→ REQUIREMENT
What is needed is an exact copy of every entry below, with the pictures left out.

Data items:
┌──

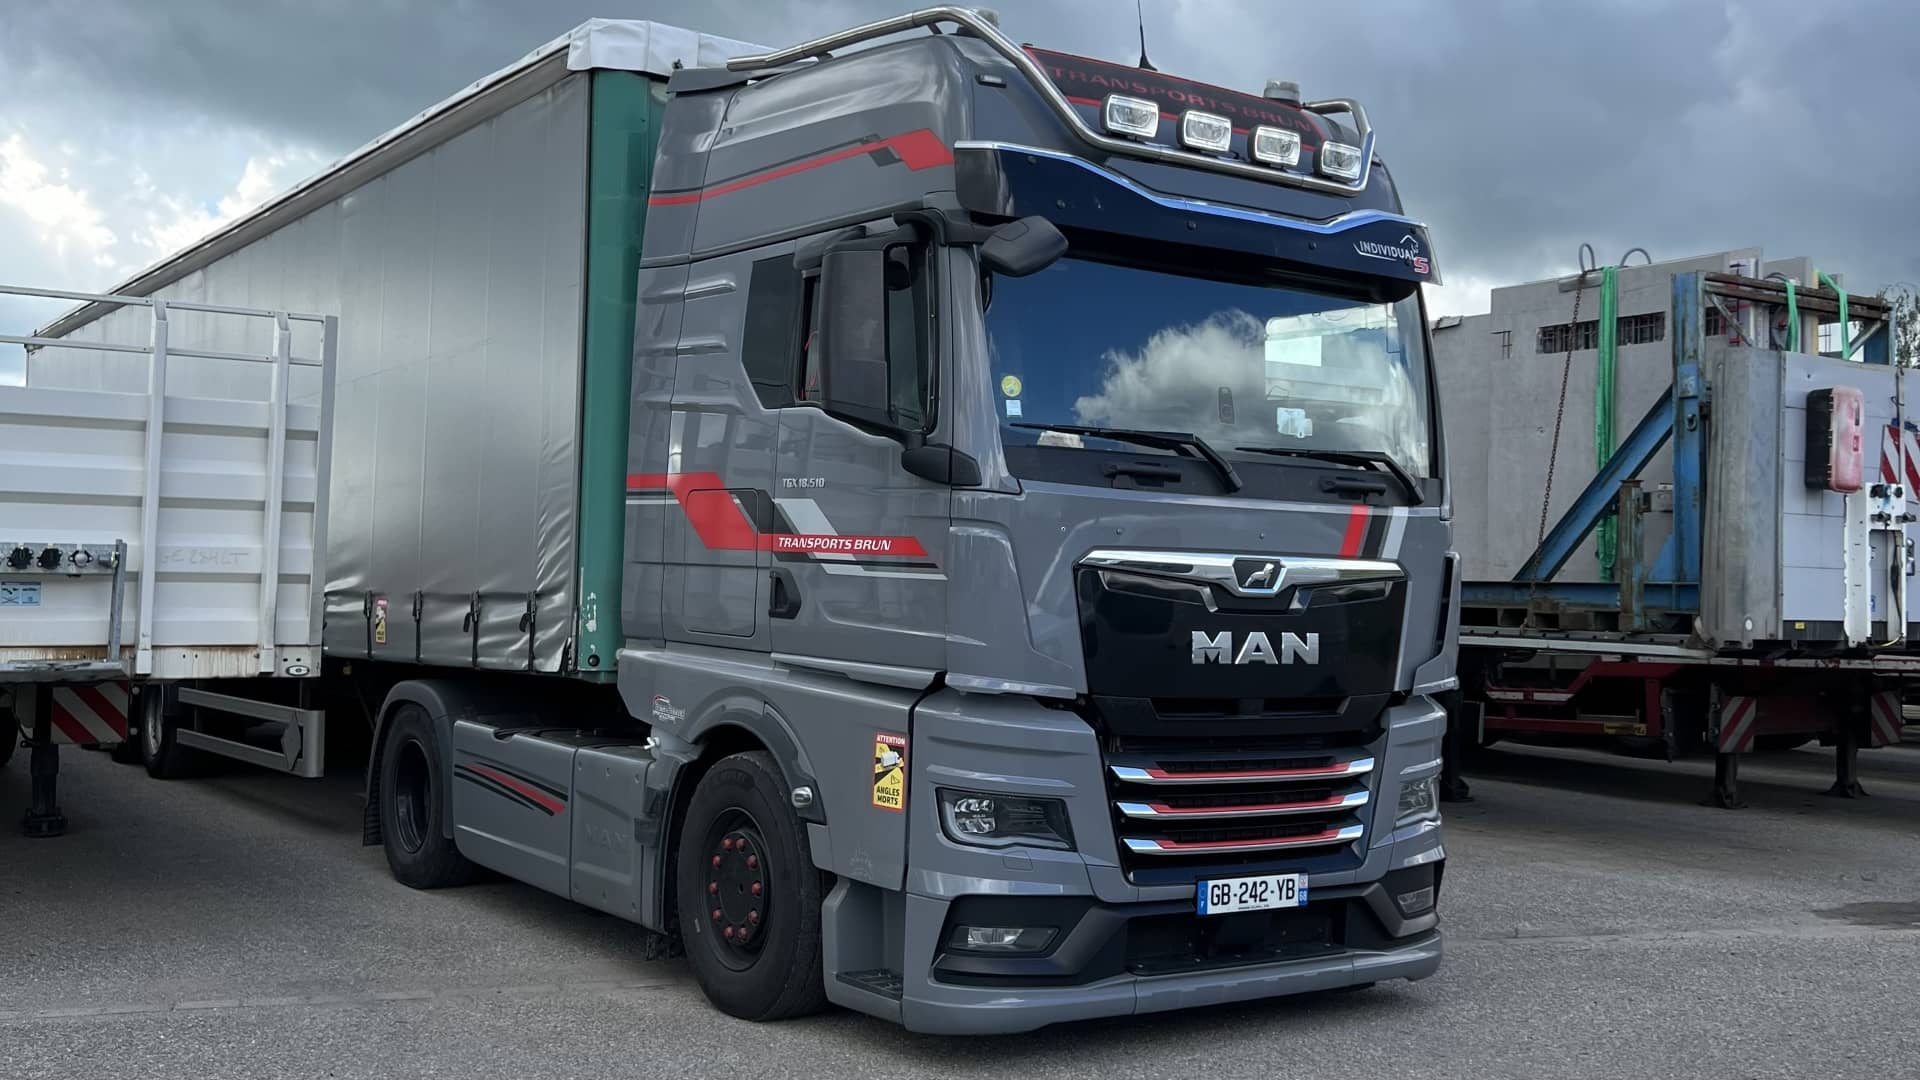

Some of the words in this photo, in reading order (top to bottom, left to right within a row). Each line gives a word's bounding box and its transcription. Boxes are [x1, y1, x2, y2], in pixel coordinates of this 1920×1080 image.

[1053, 67, 1236, 113] TRANSPORTS
[1240, 107, 1312, 132] BRUN
[1359, 240, 1415, 261] INDIVIDUAL
[1413, 256, 1429, 274] S
[782, 477, 798, 488] TGX
[798, 477, 825, 488] 18.510
[778, 536, 853, 550] TRANSPORTS
[854, 538, 891, 551] BRUN
[1191, 630, 1319, 665] MAN
[876, 733, 906, 745] ATTENTION
[876, 785, 900, 797] ANGLES
[877, 794, 898, 806] MORTS
[1210, 878, 1296, 906] GB-242-YB
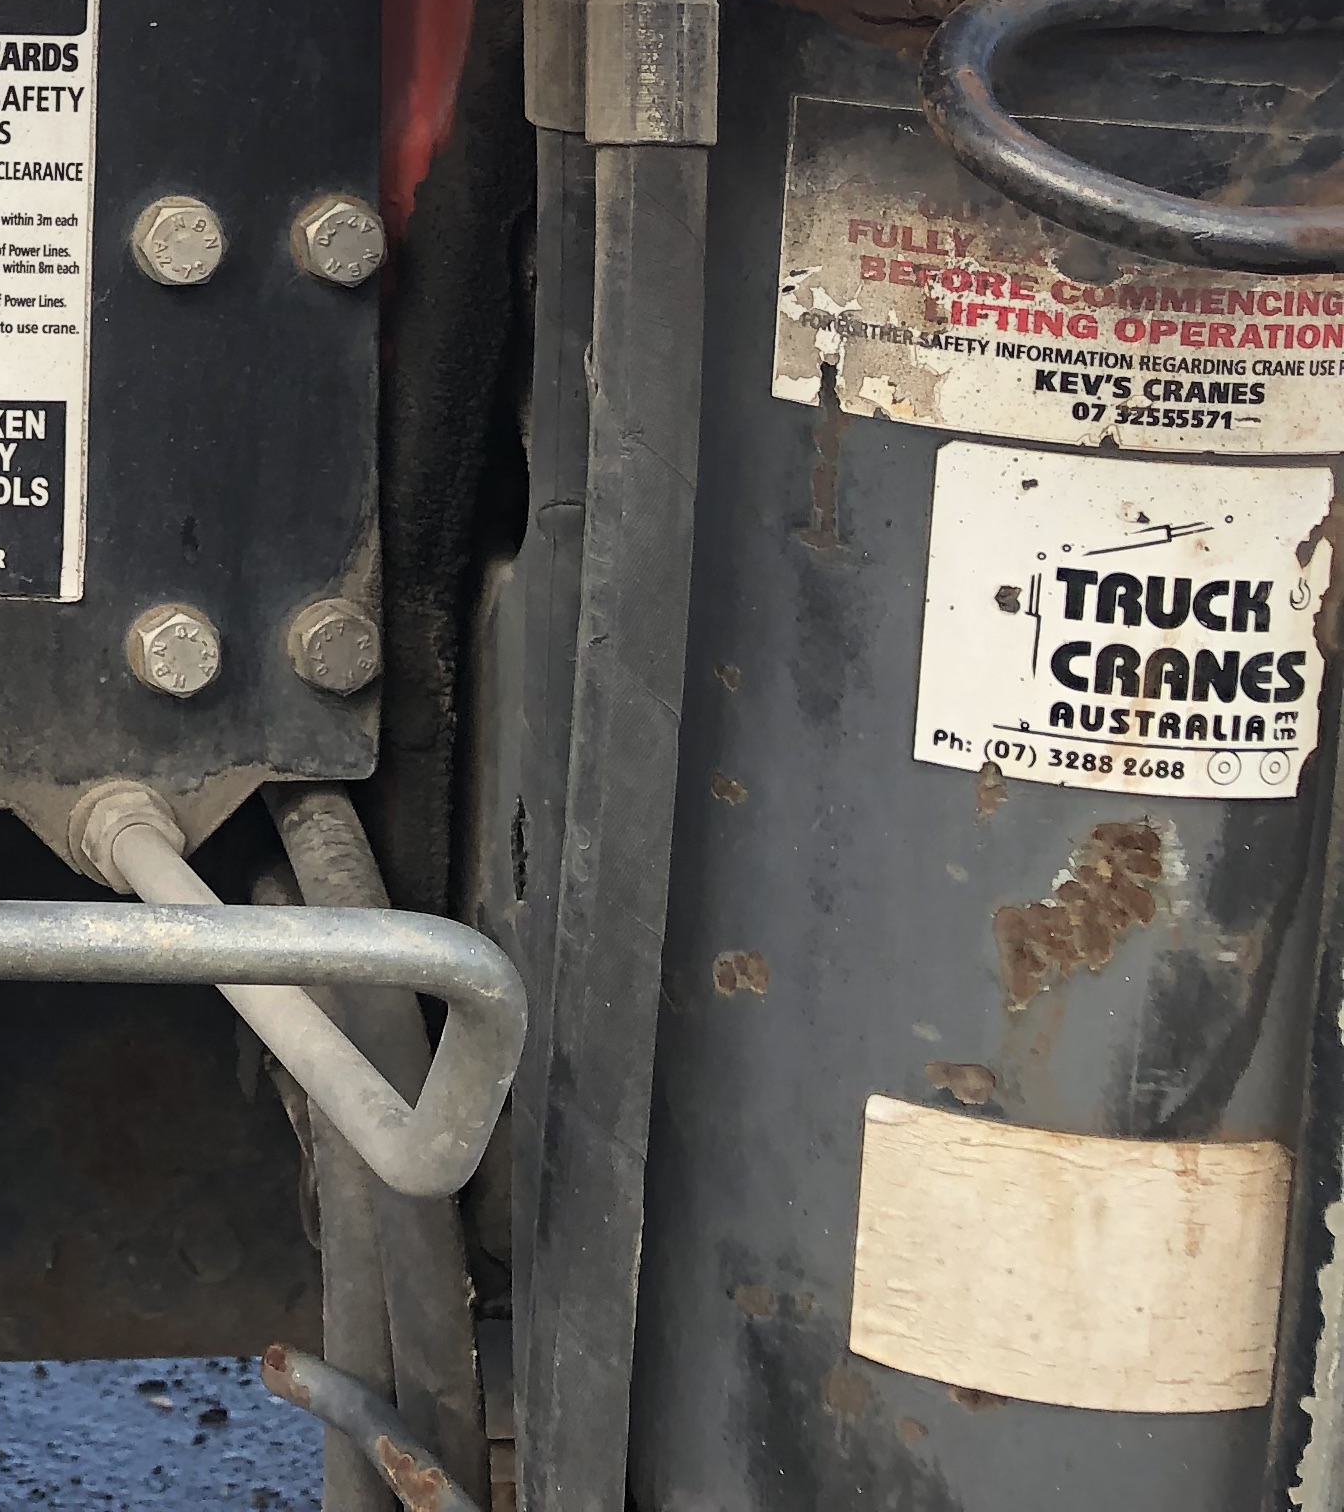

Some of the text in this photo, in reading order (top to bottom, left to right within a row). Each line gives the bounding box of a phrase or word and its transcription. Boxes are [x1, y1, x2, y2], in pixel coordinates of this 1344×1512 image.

└──

→ ANSWER BOX
Some of the words in this photo, in reading order (top to bottom, left to right within a row). Each line gives a word's bounding box and its transcription. Boxes are [x1, y1, x2, y2], in pixel coordinates of this 1920×1080 image.

[1053, 67, 1236, 113] TRANSPORTS
[1240, 107, 1312, 132] BRUN
[1359, 240, 1415, 261] INDIVIDUAL
[1413, 256, 1429, 274] S
[782, 477, 798, 488] TGX
[798, 477, 825, 488] 18.510
[778, 536, 853, 550] TRANSPORTS
[854, 538, 891, 551] BRUN
[1191, 630, 1319, 665] MAN
[876, 733, 906, 745] ATTENTION
[876, 785, 900, 797] ANGLES
[877, 794, 898, 806] MORTS
[1210, 878, 1296, 906] GB-242-YB

Some of the text in this photo, in reading order (top to bottom, left to right within a row). Each line gives the bounding box of a phrase or word and its transcription. Boxes are [x1, y1, x2, y2], in pixel coordinates of this 1344×1512 image.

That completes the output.